Material provided Start Marker

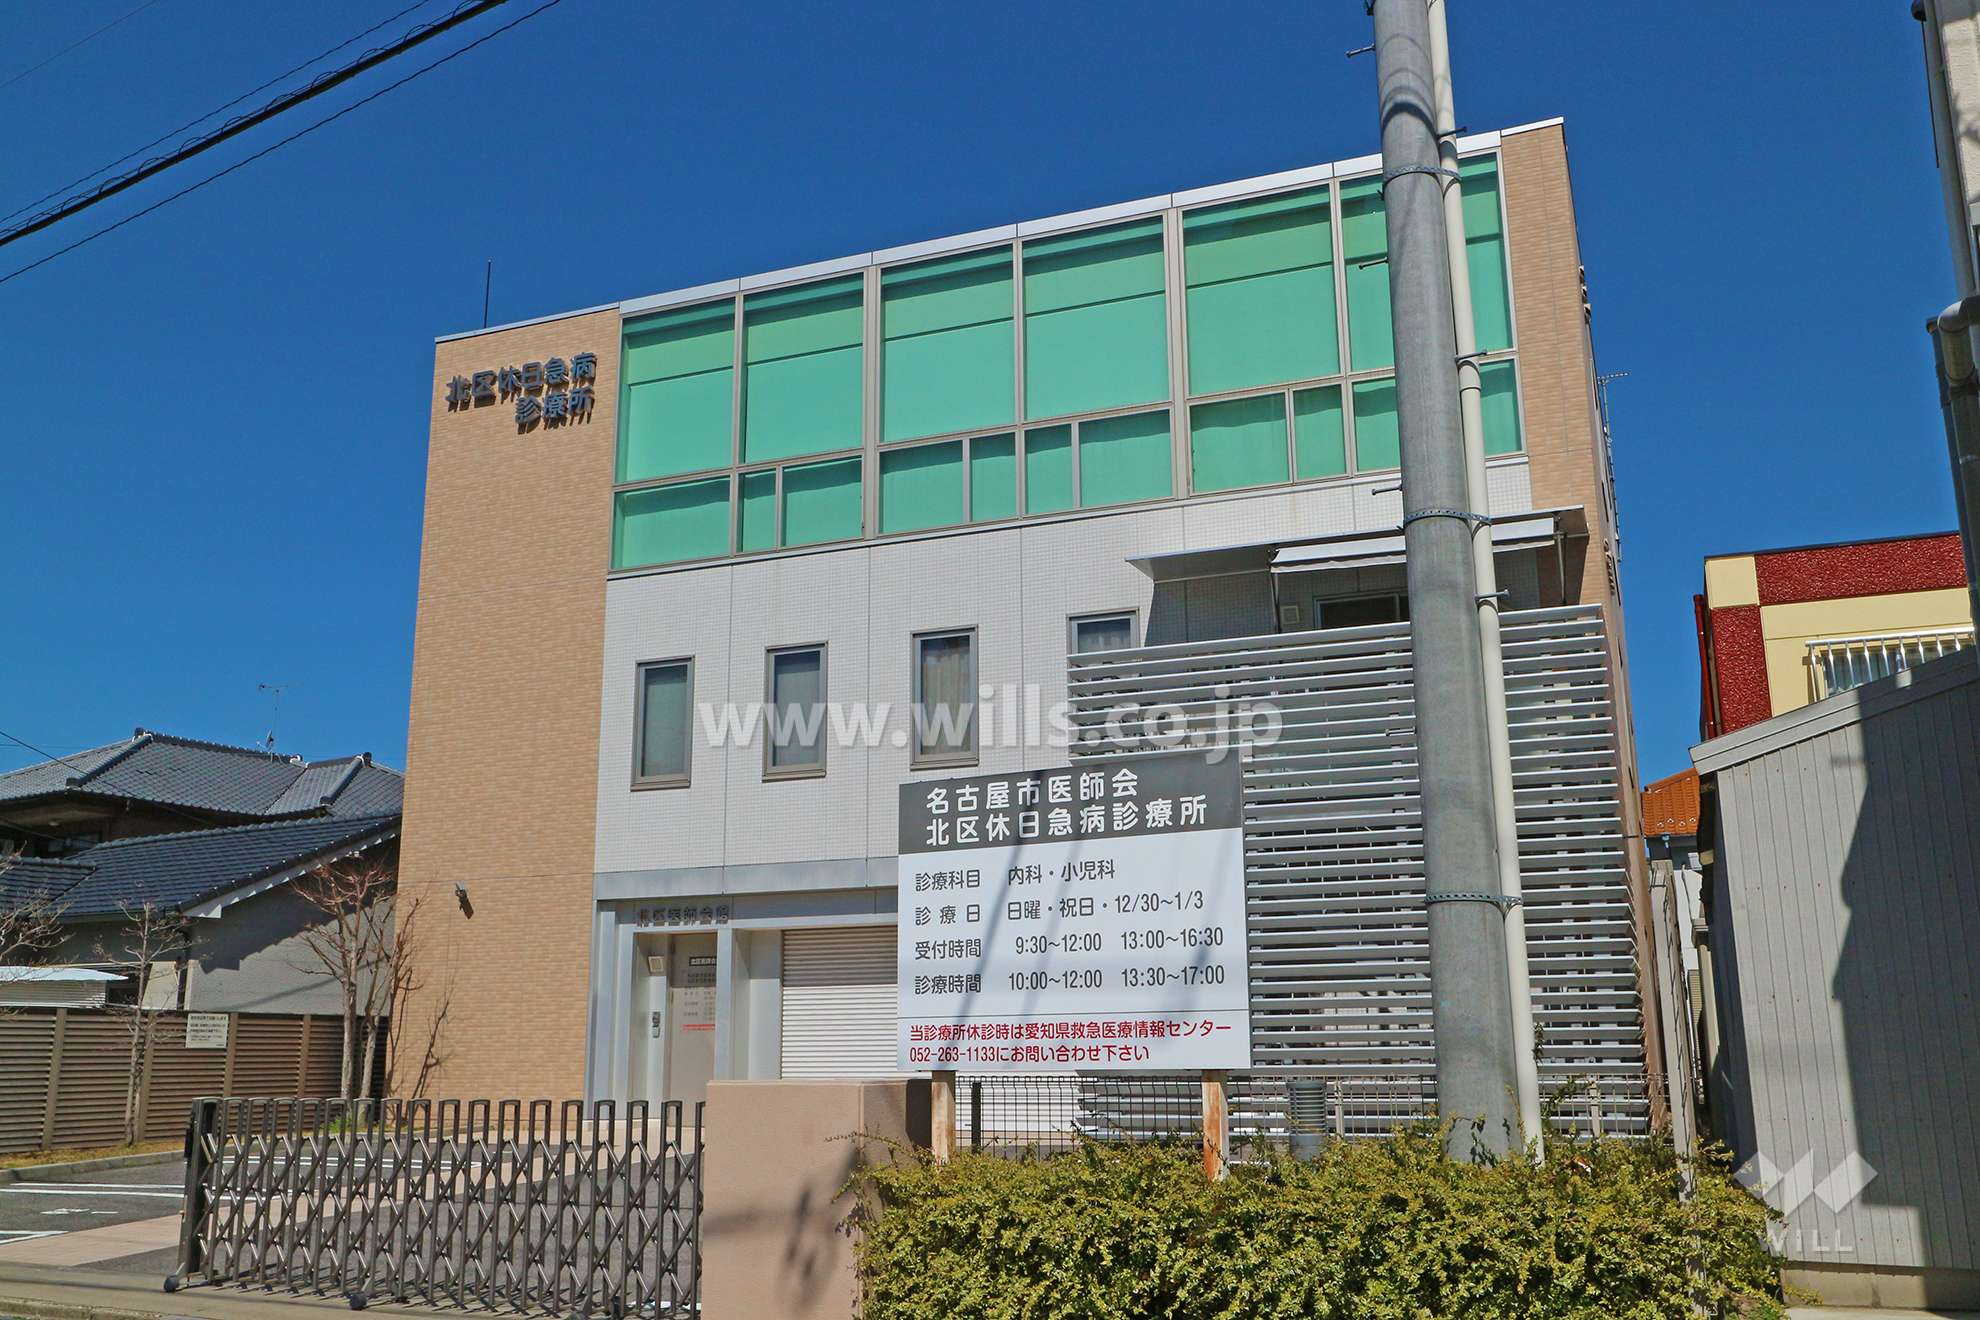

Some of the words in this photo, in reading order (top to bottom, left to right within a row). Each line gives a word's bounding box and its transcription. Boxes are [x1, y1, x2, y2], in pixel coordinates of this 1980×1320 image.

[446, 352, 598, 409] 北区休日急病
[515, 385, 596, 430] 診療所
[926, 767, 1139, 815] 名古屋市医師会
[926, 794, 1208, 847] 北区休日急病診療所
[915, 870, 981, 892] 診療科目
[1008, 859, 1116, 886] 内科・小児科
[915, 939, 982, 961] 受付時間
[914, 974, 982, 996] 診療時間
[909, 1019, 1232, 1041] 当診療所休診時は愛知県救急医療情報センター
[909, 1044, 1151, 1063] 052-263-1133にお問い合わせ下さい

Material provided End Marker

> **Exercise**
Exactly as they stand, the entries must be written out again, pictures excluded.

> **Exercise response**
Some of the words in this photo, in reading order (top to bottom, left to right within a row). Each line gives a word's bounding box and its transcription. Boxes are [x1, y1, x2, y2], in pixel coordinates of this 1980×1320 image.

[446, 352, 598, 409] 北区休日急病
[515, 385, 596, 430] 診療所
[926, 767, 1139, 815] 名古屋市医師会
[926, 794, 1208, 847] 北区休日急病診療所
[915, 870, 981, 892] 診療科目
[1008, 859, 1116, 886] 内科・小児科
[915, 939, 982, 961] 受付時間
[914, 974, 982, 996] 診療時間
[909, 1019, 1232, 1041] 当診療所休診時は愛知県救急医療情報センター
[909, 1044, 1151, 1063] 052-263-1133にお問い合わせ下さい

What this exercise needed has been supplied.